– Aún no; estaba hablando con esta gente. Me habría ido bien que llevaseis un walkie-talkie para poder avisaros.

– De acuerdo. Pues cuéntamelo a mí directamente.

– ¿Y ellos? -preguntó Powers, señalando hacia el calvero-. ¿Por qué no vienen a entrevistarme Edgar o Rider?

– Porque están ocupados. ¿Me vas a contar lo que pasó o no?

– Ya te lo he contado.

– Desde el principio, Powers. Sólo me has dicho lo que hiciste cuando registraste el coche. ¿Qué te hizo sospechar?

– No sé qué decirte. Suelo pasar por aquí cuando hago la ronda, para ahuyentar a los gamberros.

Entonces Powers apuntó al otro lado de Mulholland Drive, a la cresta de la montaña. Allí había varias casas, casi todas sobre pilares. Parecían caravanas suspendidas en el aire.
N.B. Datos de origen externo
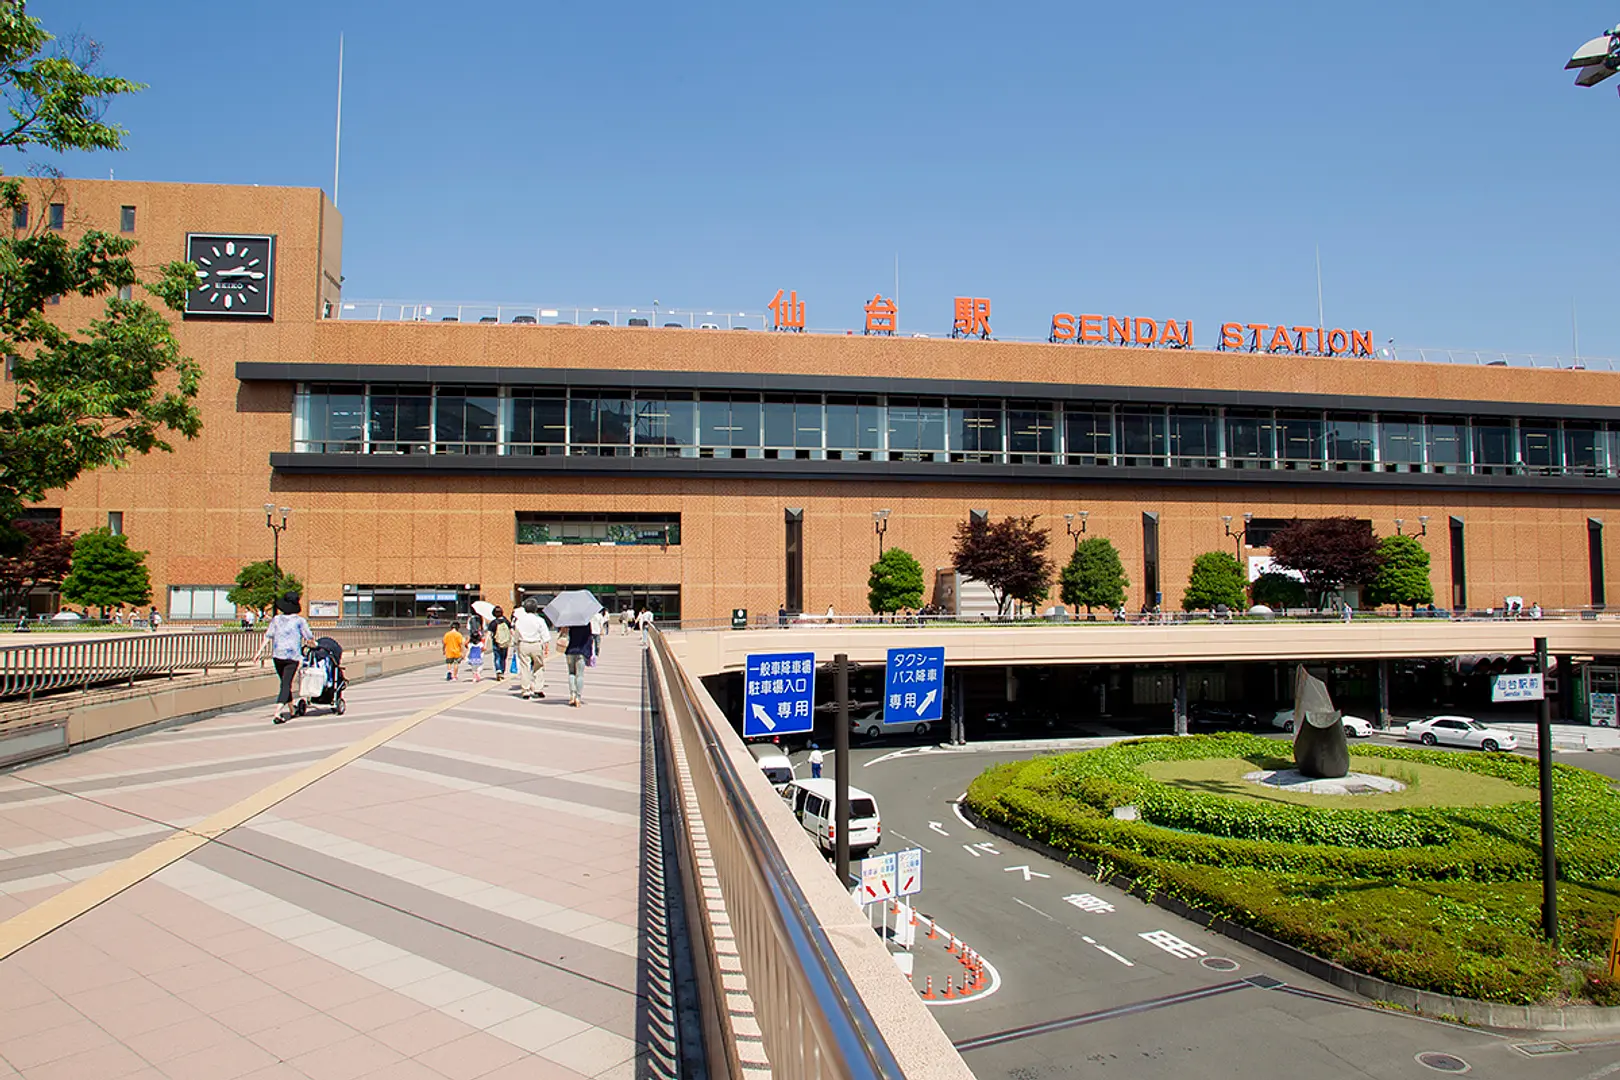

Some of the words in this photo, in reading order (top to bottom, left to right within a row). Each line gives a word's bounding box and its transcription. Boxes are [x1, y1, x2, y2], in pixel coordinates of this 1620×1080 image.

– La gente de allá arriba nos llama continuamente para denunciar hogueras, juergas, aquelarres y yo qué sé qué. Supongo que este lado les estropea la vista. Así que yo subo y barro la basura, es decir, a los gamberros del valle de San Fernando. El cuerpo de bomberos había cerrado el paso con una verja, pero un cabrón se la cargó hace seis meses. El ayuntamiento tarda como mínimo un año en reparar cualquier cosa por esta zona. Con decirte que pedí pilas hace tres semanas y aún estoy esperando… Si no me las comprara yo mismo, tendría que hacer la maldita ronda nocturna sin linterna. A ellos les da igual. En esta maldita ciudad…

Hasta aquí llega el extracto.